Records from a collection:

..............................

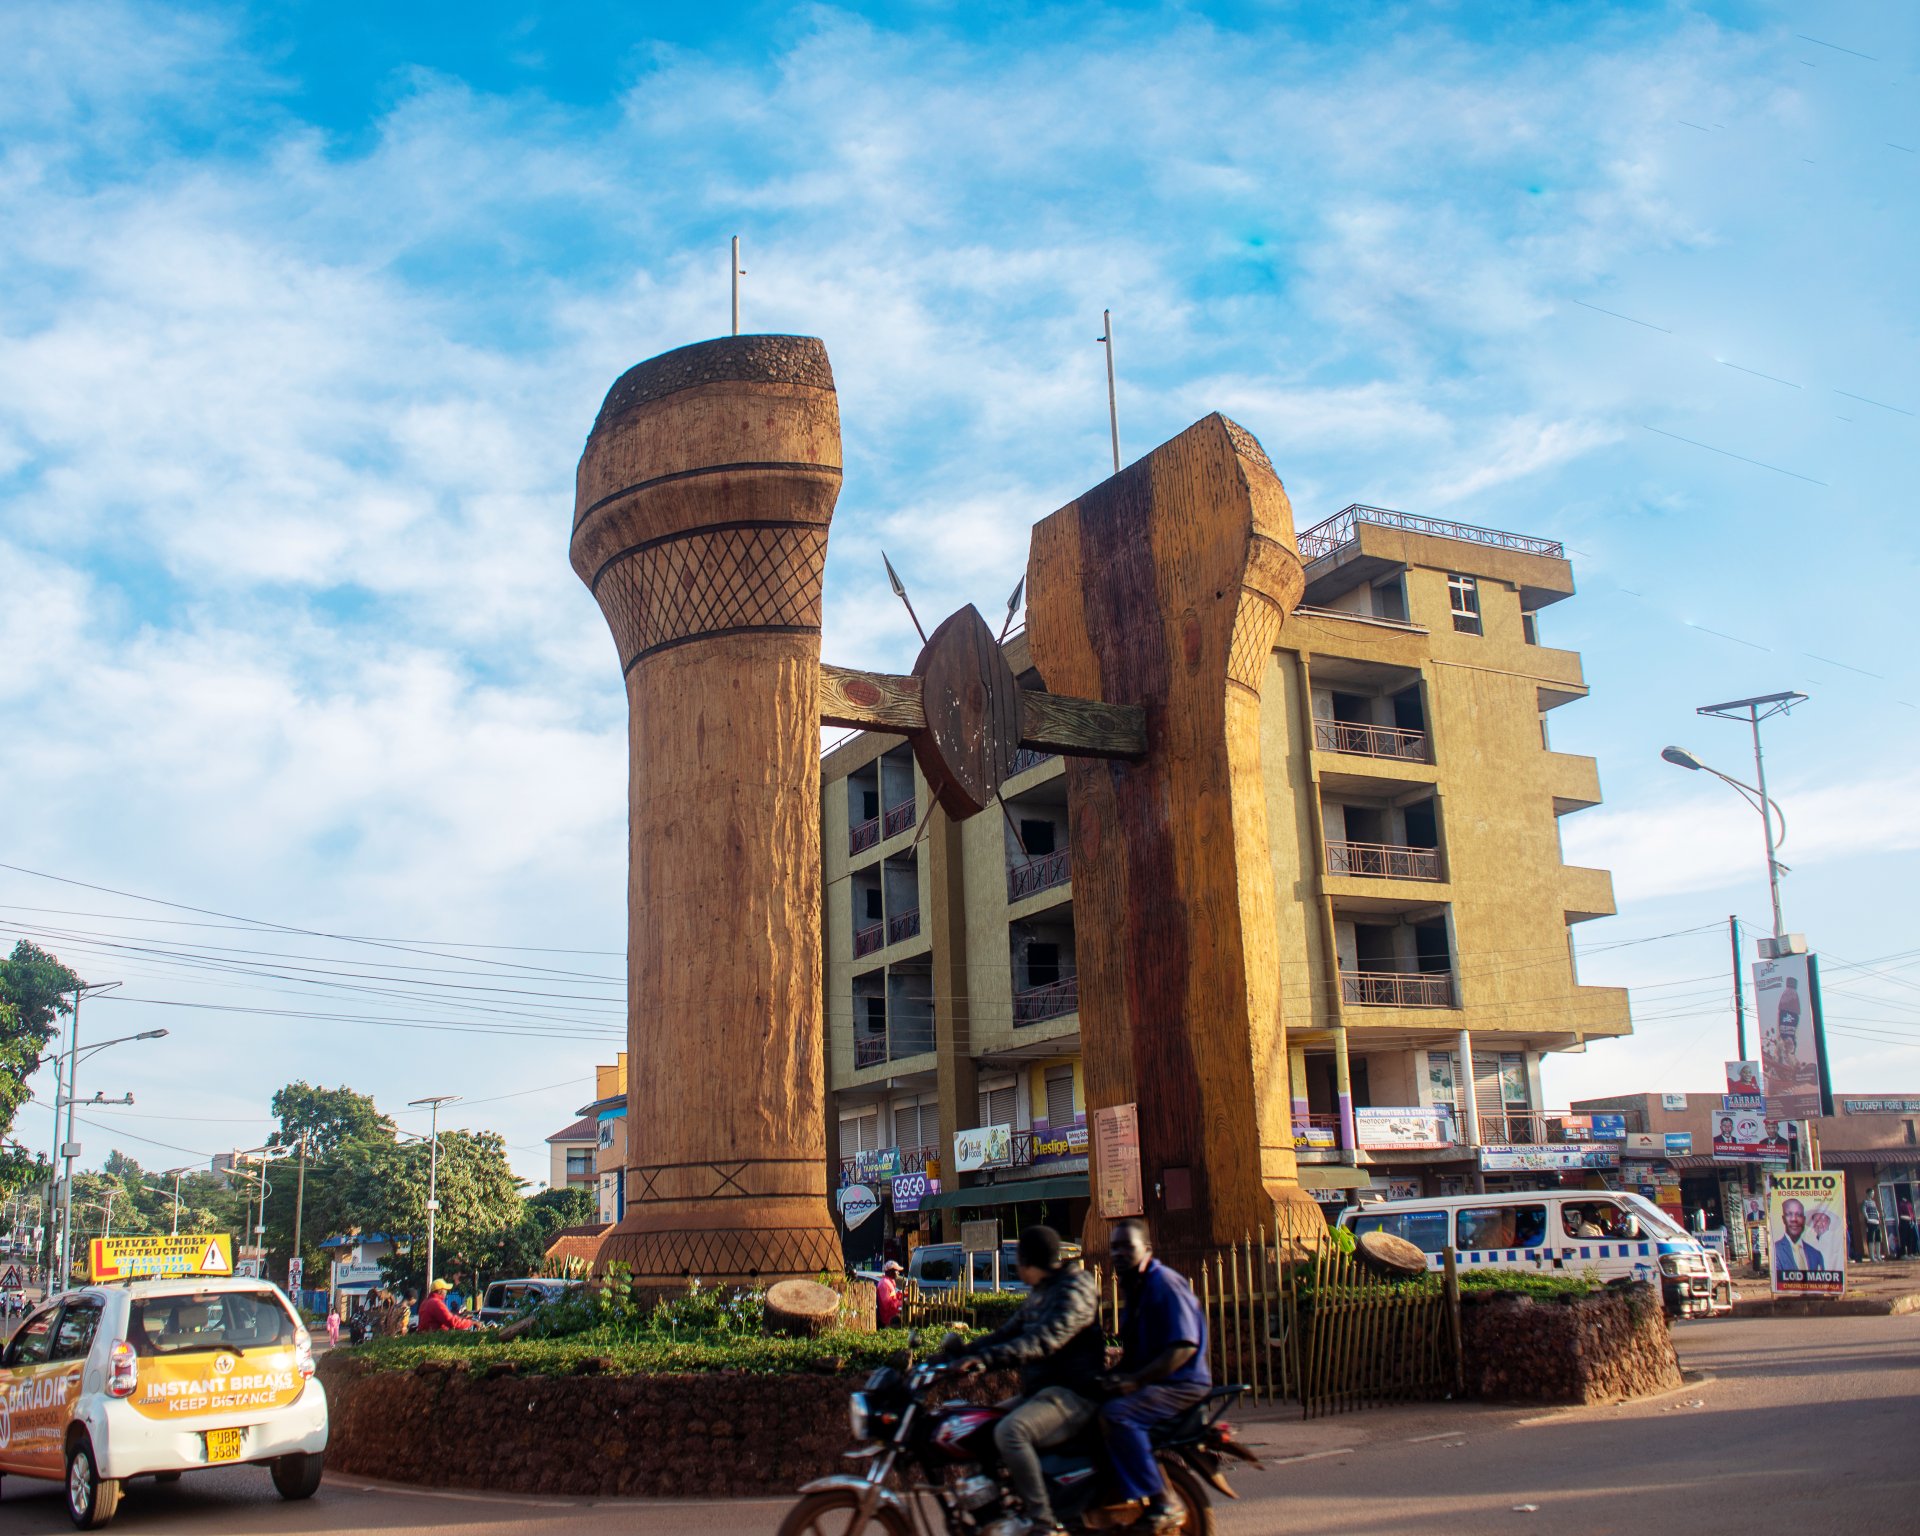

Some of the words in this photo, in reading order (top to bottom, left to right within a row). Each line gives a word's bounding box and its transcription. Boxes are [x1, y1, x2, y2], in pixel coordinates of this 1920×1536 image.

[1294, 1136, 1307, 1147] ge
[968, 1150, 982, 1158] FOODS
[894, 1175, 925, 1197] GOGO
[1772, 1175, 1836, 1190] KIZITO
[845, 1198, 873, 1211] GOGO
[106, 1238, 159, 1249] DRIVER
[165, 1237, 208, 1246] UNDER
[95, 1240, 119, 1277] L
[113, 1246, 200, 1257] INSTRUCTION
[1806, 1271, 1840, 1282] MAYOR
[147, 1377, 226, 1398] INSTANT
[230, 1372, 293, 1392] BREAKS
[9, 1375, 67, 1413] BANADIR
[169, 1397, 208, 1412] KEEP
[211, 1391, 277, 1409] DISTANCE
[36, 1411, 59, 1426] SCHOOL
[217, 1431, 238, 1445] UBP
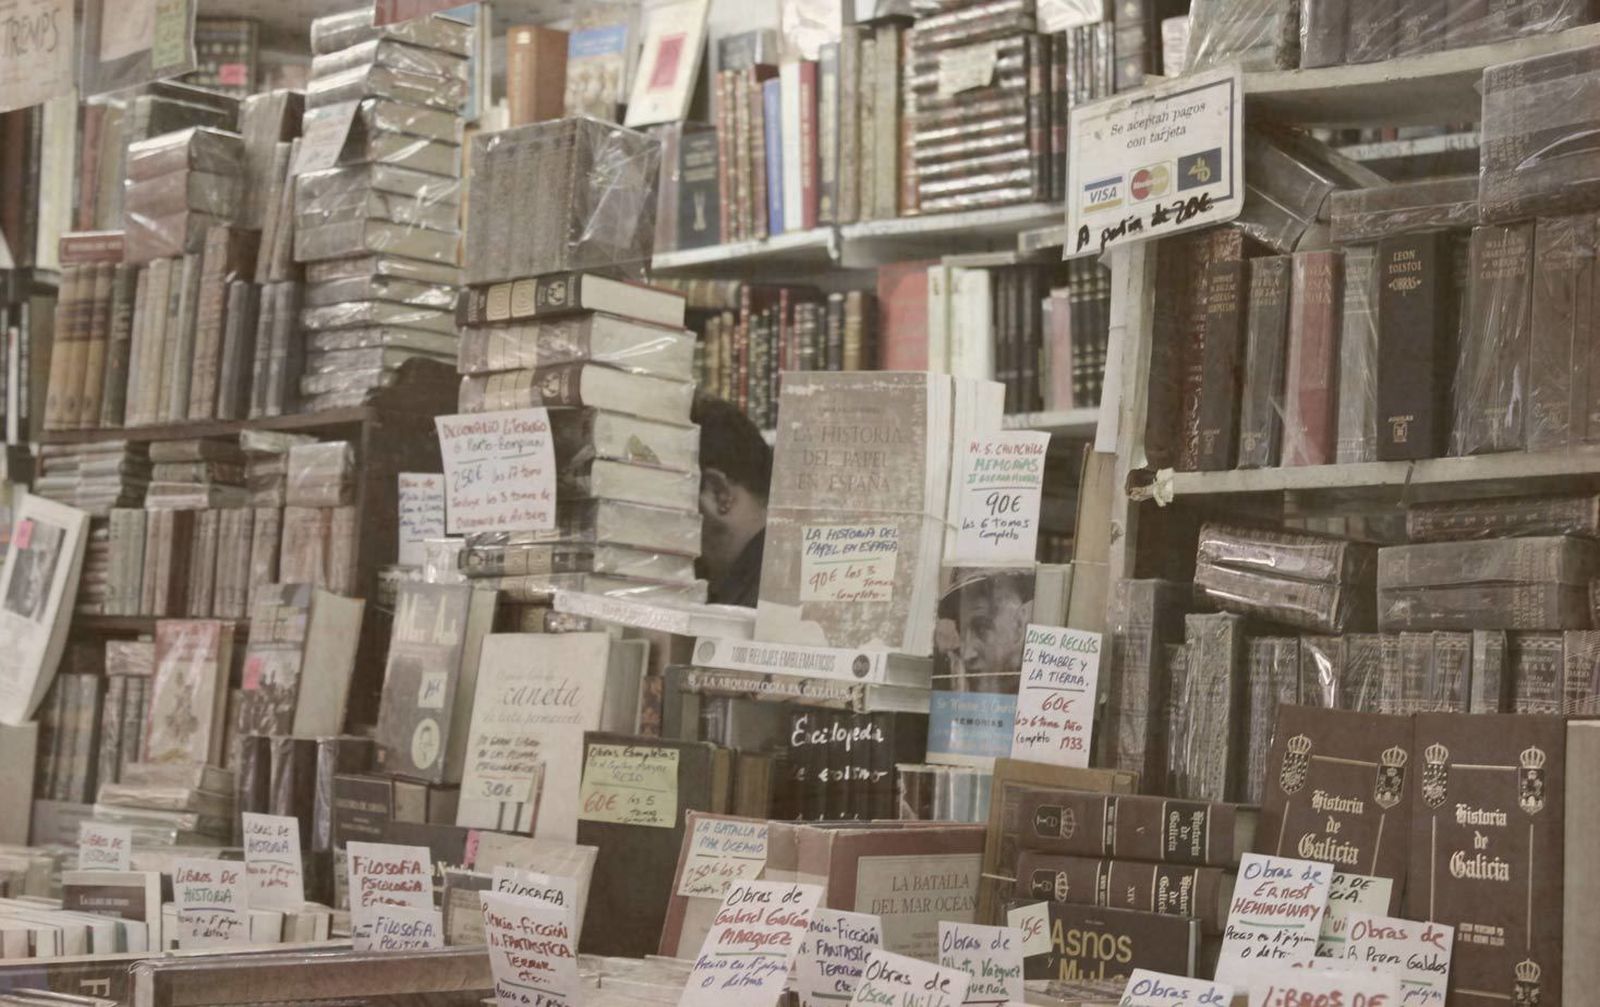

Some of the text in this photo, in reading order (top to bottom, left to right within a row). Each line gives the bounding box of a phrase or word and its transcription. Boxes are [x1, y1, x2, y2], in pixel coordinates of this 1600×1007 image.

..............................

What is needed is a verbatim copy of the entries, leaving out any pictures.

SOLUTION:
Some of the words in this photo, in reading order (top to bottom, left to right within a row). Each line gives a word's bounding box and its transcription. Boxes are [x1, y1, x2, y2], in pixel coordinates of this 1920×1536 image.

[1294, 1136, 1307, 1147] ge
[968, 1150, 982, 1158] FOODS
[894, 1175, 925, 1197] GOGO
[1772, 1175, 1836, 1190] KIZITO
[845, 1198, 873, 1211] GOGO
[106, 1238, 159, 1249] DRIVER
[165, 1237, 208, 1246] UNDER
[95, 1240, 119, 1277] L
[113, 1246, 200, 1257] INSTRUCTION
[1806, 1271, 1840, 1282] MAYOR
[147, 1377, 226, 1398] INSTANT
[230, 1372, 293, 1392] BREAKS
[9, 1375, 67, 1413] BANADIR
[169, 1397, 208, 1412] KEEP
[211, 1391, 277, 1409] DISTANCE
[36, 1411, 59, 1426] SCHOOL
[217, 1431, 238, 1445] UBP

Some of the text in this photo, in reading order (top to bottom, left to right within a row). Each line gives the bounding box of a phrase or word and its transcription. Boxes are [x1, y1, x2, y2], in pixel coordinates of this 1600×1007 image.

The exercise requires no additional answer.